[Collected data]
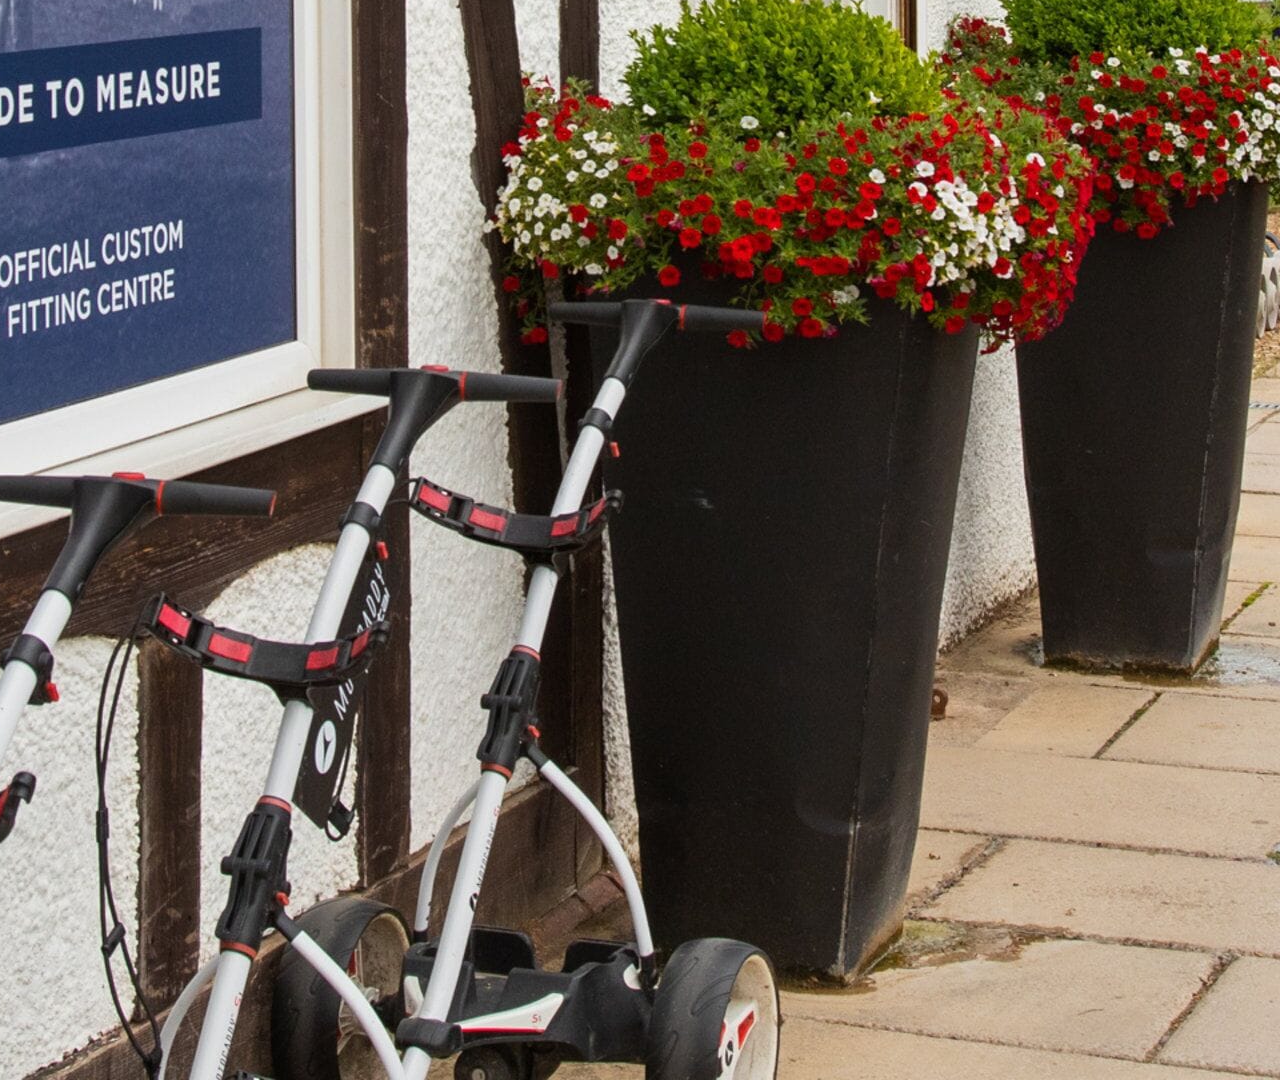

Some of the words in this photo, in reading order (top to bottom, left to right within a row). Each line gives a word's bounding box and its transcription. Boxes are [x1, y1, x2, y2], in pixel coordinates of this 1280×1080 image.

[46, 77, 85, 119] TO
[96, 61, 221, 112] MEASURE
[101, 219, 184, 266] CUSTOM
[7, 288, 91, 338] FITTING
[97, 269, 176, 316] CENTRE

_WORK ITEM:_ Set down all of the entries precisely and keep the pictures out of the copy.

_SOLUTION BELOW:_
Some of the words in this photo, in reading order (top to bottom, left to right within a row). Each line gives a word's bounding box and its transcription. Boxes are [x1, y1, x2, y2], in pixel coordinates of this 1280×1080 image.

[46, 77, 85, 119] TO
[96, 61, 221, 112] MEASURE
[101, 219, 184, 266] CUSTOM
[7, 288, 91, 338] FITTING
[97, 269, 176, 316] CENTRE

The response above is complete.